▸ What you are asked to do: Each record below needs to be set down again exactly.

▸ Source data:
========================
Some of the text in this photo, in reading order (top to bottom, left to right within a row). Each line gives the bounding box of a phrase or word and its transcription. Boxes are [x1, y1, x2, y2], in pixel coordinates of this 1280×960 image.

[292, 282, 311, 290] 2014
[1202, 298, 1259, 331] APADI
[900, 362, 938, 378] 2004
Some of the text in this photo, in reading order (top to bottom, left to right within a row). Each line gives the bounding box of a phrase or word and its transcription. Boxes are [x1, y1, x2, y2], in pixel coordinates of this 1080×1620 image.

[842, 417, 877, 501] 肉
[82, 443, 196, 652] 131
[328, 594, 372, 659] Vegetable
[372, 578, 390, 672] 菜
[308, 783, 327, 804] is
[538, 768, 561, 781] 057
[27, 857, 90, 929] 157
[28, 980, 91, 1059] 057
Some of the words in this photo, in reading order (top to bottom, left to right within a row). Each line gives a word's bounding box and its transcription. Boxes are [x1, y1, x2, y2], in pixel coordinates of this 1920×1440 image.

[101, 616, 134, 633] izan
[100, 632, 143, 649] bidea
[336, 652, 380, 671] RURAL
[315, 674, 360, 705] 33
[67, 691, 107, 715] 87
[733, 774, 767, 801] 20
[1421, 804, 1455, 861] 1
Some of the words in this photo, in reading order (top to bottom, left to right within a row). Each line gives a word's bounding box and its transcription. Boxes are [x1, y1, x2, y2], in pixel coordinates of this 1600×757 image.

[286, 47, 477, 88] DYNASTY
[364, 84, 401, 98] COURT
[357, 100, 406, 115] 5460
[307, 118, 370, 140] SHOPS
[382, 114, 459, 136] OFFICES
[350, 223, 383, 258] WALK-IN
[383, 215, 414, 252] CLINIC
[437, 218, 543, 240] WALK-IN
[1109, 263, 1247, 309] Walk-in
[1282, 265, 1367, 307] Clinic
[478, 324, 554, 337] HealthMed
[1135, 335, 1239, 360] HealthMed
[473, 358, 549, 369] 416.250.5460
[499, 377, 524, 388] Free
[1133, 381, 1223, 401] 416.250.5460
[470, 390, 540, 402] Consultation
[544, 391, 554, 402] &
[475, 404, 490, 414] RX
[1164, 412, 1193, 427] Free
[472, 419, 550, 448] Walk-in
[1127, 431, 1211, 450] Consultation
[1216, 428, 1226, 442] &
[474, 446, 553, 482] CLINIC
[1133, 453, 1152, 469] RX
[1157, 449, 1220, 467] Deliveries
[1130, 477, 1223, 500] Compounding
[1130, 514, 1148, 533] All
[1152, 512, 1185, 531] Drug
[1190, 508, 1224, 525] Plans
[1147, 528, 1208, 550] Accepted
========================
▸ Answer area:
Some of the text in this photo, in reading order (top to bottom, left to right within a row). Each line gives the bounding box of a phrase or word and its transcription. Boxes are [x1, y1, x2, y2], in pixel coordinates of this 1280×960 image.

[292, 282, 311, 290] 2014
[1202, 298, 1259, 331] APADI
[900, 362, 938, 378] 2004
Some of the text in this photo, in reading order (top to bottom, left to right within a row). Each line gives the bounding box of a phrase or word and its transcription. Boxes are [x1, y1, x2, y2], in pixel coordinates of this 1080×1620 image.

[842, 417, 877, 501] 肉
[82, 443, 196, 652] 131
[328, 594, 372, 659] Vegetable
[372, 578, 390, 672] 菜
[308, 783, 327, 804] is
[538, 768, 561, 781] 057
[27, 857, 90, 929] 157
[28, 980, 91, 1059] 057
Some of the words in this photo, in reading order (top to bottom, left to right within a row). Each line gives a word's bounding box and its transcription. Boxes are [x1, y1, x2, y2], in pixel coordinates of this 1920×1440 image.

[101, 616, 134, 633] izan
[100, 632, 143, 649] bidea
[336, 652, 380, 671] RURAL
[315, 674, 360, 705] 33
[67, 691, 107, 715] 87
[733, 774, 767, 801] 20
[1421, 804, 1455, 861] 1
Some of the words in this photo, in reading order (top to bottom, left to right within a row). Each line gives a word's bounding box and its transcription. Boxes are [x1, y1, x2, y2], in pixel coordinates of this 1600×757 image.

[286, 47, 477, 88] DYNASTY
[364, 84, 401, 98] COURT
[357, 100, 406, 115] 5460
[307, 118, 370, 140] SHOPS
[382, 114, 459, 136] OFFICES
[350, 223, 383, 258] WALK-IN
[383, 215, 414, 252] CLINIC
[437, 218, 543, 240] WALK-IN
[1109, 263, 1247, 309] Walk-in
[1282, 265, 1367, 307] Clinic
[478, 324, 554, 337] HealthMed
[1135, 335, 1239, 360] HealthMed
[473, 358, 549, 369] 416.250.5460
[499, 377, 524, 388] Free
[1133, 381, 1223, 401] 416.250.5460
[470, 390, 540, 402] Consultation
[544, 391, 554, 402] &
[475, 404, 490, 414] RX
[1164, 412, 1193, 427] Free
[472, 419, 550, 448] Walk-in
[1127, 431, 1211, 450] Consultation
[1216, 428, 1226, 442] &
[474, 446, 553, 482] CLINIC
[1133, 453, 1152, 469] RX
[1157, 449, 1220, 467] Deliveries
[1130, 477, 1223, 500] Compounding
[1130, 514, 1148, 533] All
[1152, 512, 1185, 531] Drug
[1190, 508, 1224, 525] Plans
[1147, 528, 1208, 550] Accepted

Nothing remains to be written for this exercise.